Saved data entries
§
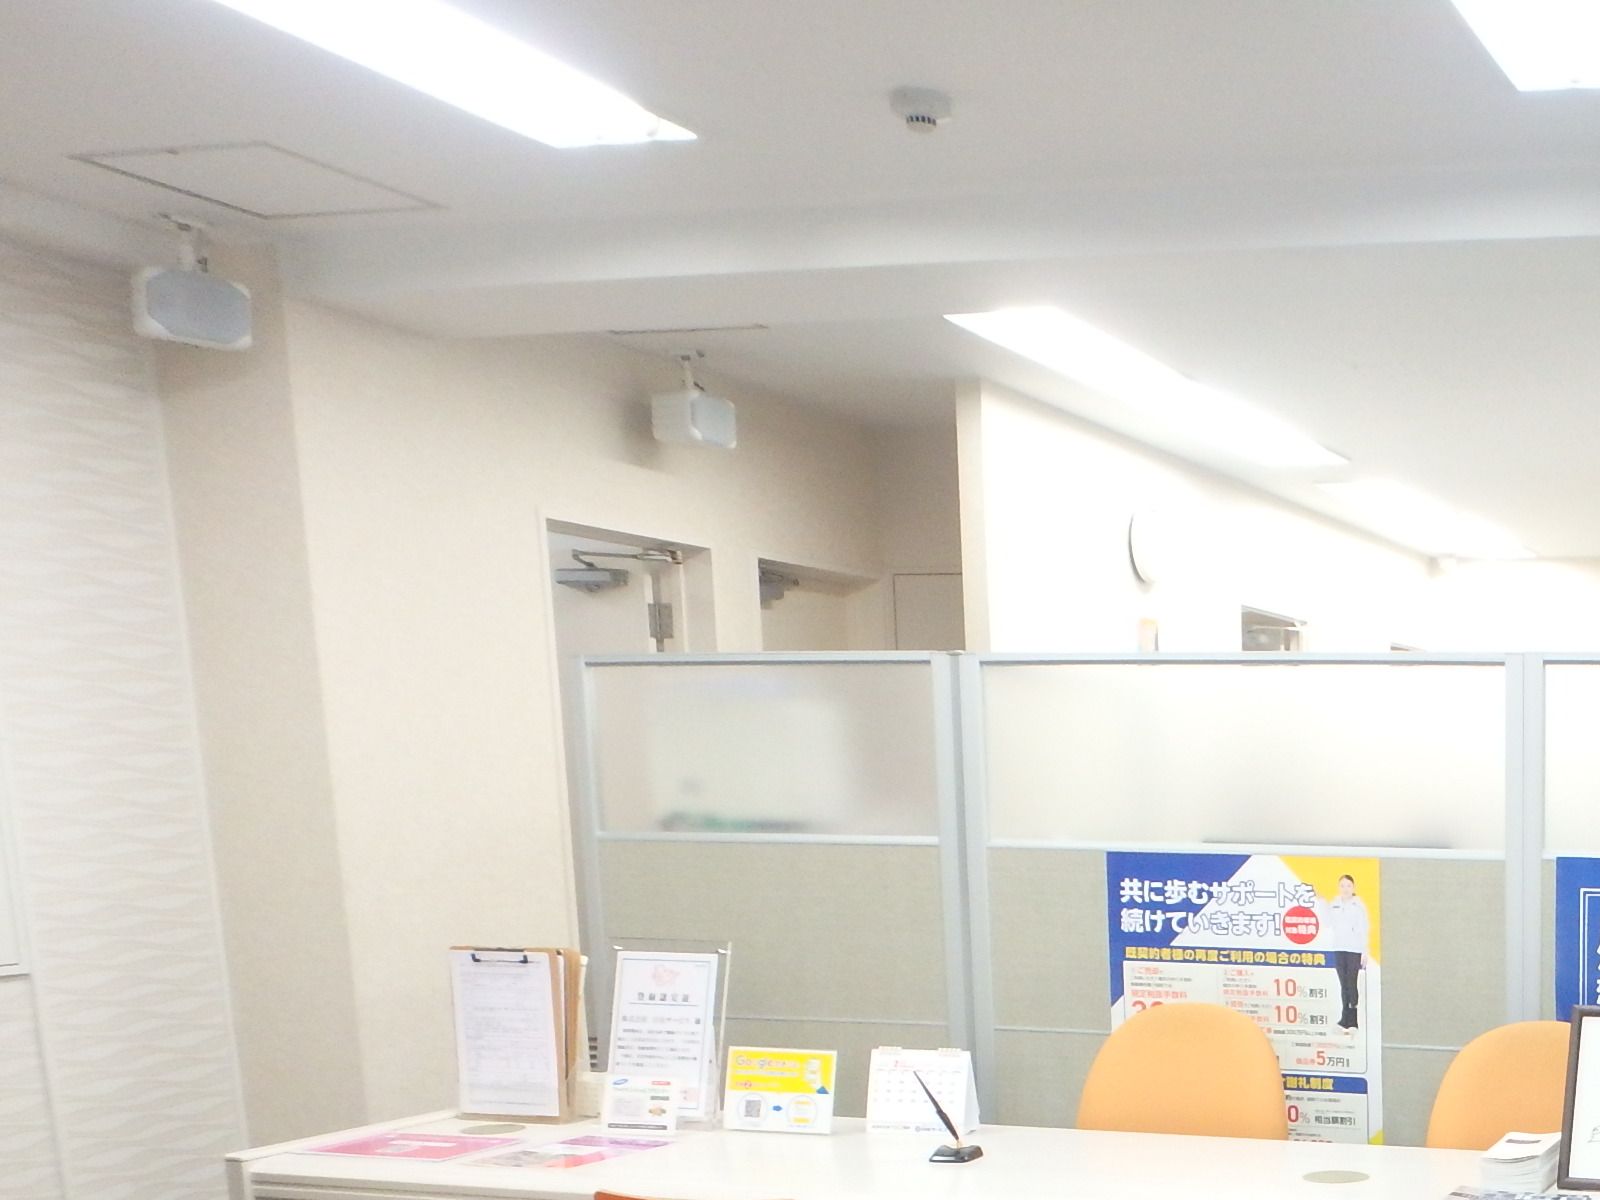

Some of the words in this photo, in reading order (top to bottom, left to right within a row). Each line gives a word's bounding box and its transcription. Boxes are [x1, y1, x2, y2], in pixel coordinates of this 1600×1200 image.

[1119, 877, 1317, 908] 共に歩むサポートを
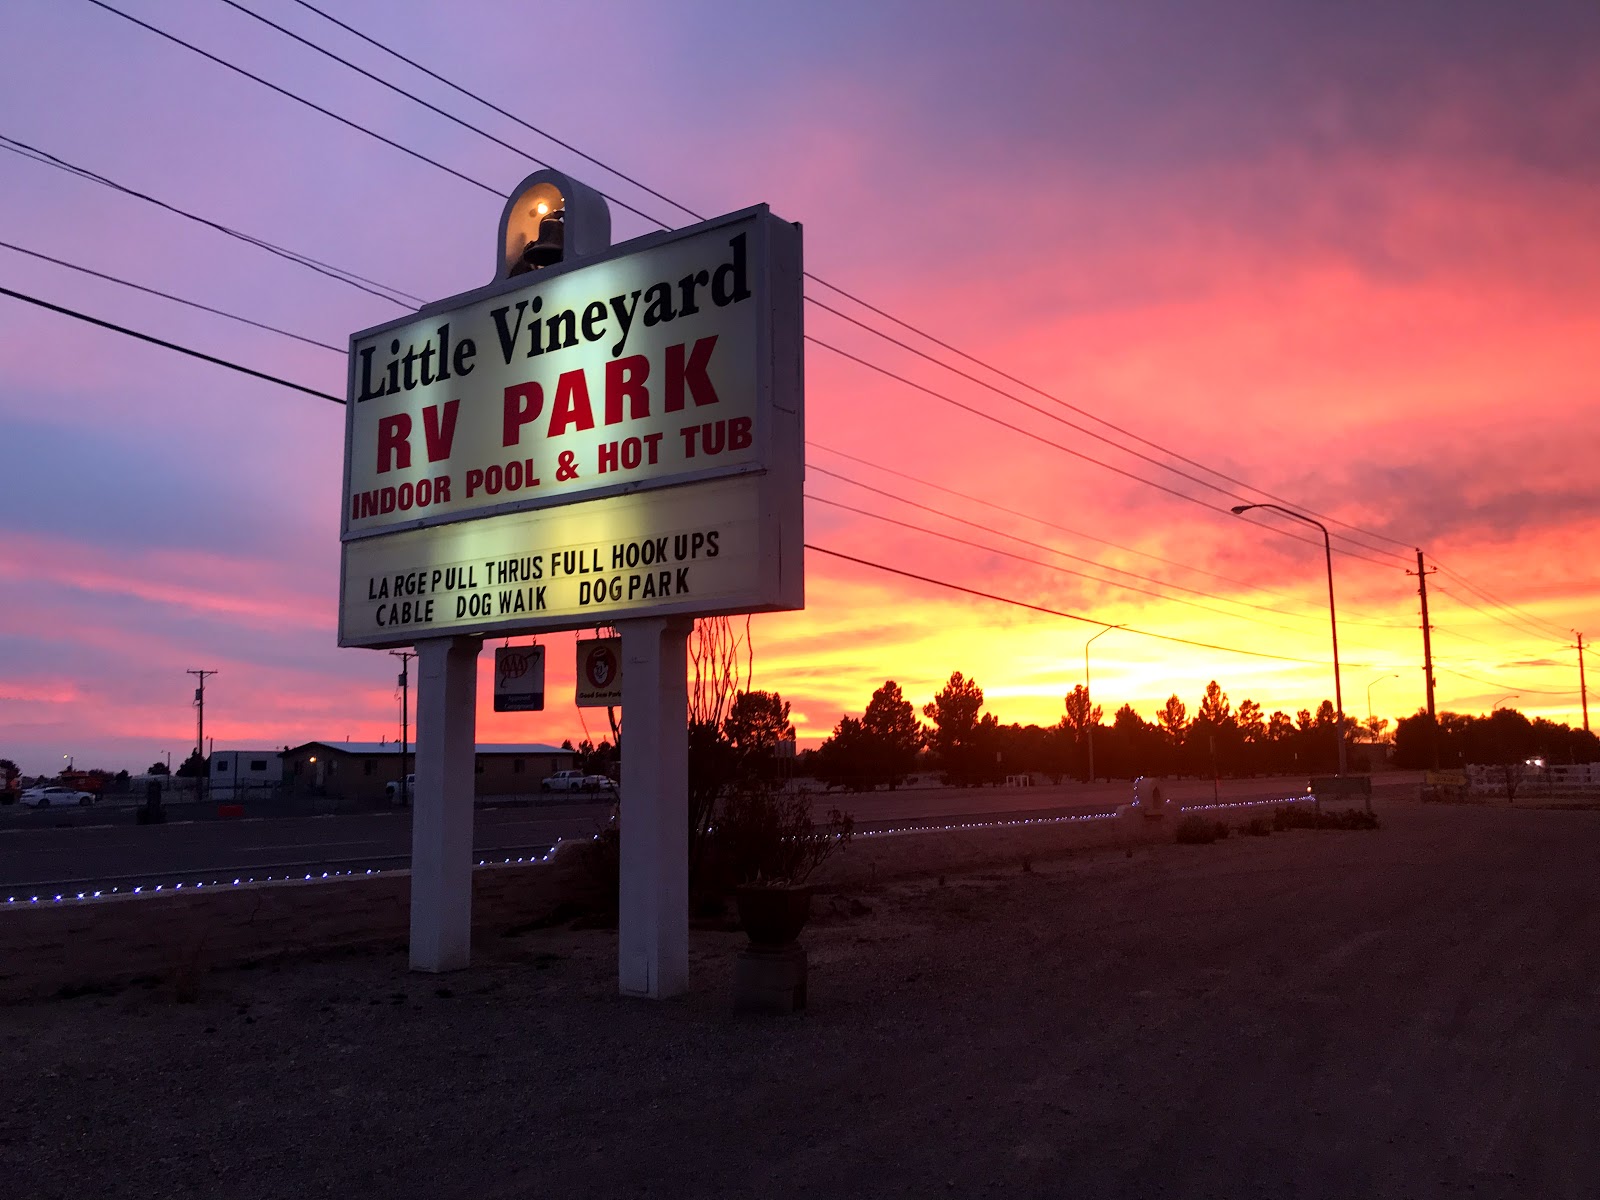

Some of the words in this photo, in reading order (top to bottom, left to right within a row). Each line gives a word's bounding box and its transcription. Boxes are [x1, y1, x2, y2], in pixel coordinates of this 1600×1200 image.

[357, 323, 477, 402] Little
[490, 233, 751, 364] Vineyard
[377, 400, 460, 474] RV
[502, 335, 720, 447] PARK
[352, 475, 451, 520] INDOOR
[466, 458, 540, 498] POOL
[556, 451, 579, 481] &
[598, 433, 663, 474] HOT
[680, 416, 753, 459] TUB
[368, 570, 427, 600] LARGE
[431, 563, 478, 592] PULL
[486, 556, 543, 583] THRUS
[551, 549, 603, 577] FULL
[612, 537, 669, 569] HOOK
[674, 531, 720, 560] UPS
[376, 599, 434, 627] CABLE
[456, 593, 492, 619] DOG
[579, 576, 622, 606] DOG
[628, 567, 690, 600] PARK
§
What to produce: Print all the entries again exactly as written, but without the pictures.

Solution below:
Some of the words in this photo, in reading order (top to bottom, left to right within a row). Each line gives a word's bounding box and its transcription. Boxes are [x1, y1, x2, y2], in pixel coordinates of this 1600×1200 image.

[1119, 877, 1317, 908] 共に歩むサポートを

Some of the words in this photo, in reading order (top to bottom, left to right within a row). Each line gives a word's bounding box and its transcription. Boxes are [x1, y1, x2, y2], in pixel coordinates of this 1600×1200 image.

[357, 323, 477, 402] Little
[490, 233, 751, 364] Vineyard
[377, 400, 460, 474] RV
[502, 335, 720, 447] PARK
[352, 475, 451, 520] INDOOR
[466, 458, 540, 498] POOL
[556, 451, 579, 481] &
[598, 433, 663, 474] HOT
[680, 416, 753, 459] TUB
[368, 570, 427, 600] LARGE
[431, 563, 478, 592] PULL
[486, 556, 543, 583] THRUS
[551, 549, 603, 577] FULL
[612, 537, 669, 569] HOOK
[674, 531, 720, 560] UPS
[376, 599, 434, 627] CABLE
[456, 593, 492, 619] DOG
[579, 576, 622, 606] DOG
[628, 567, 690, 600] PARK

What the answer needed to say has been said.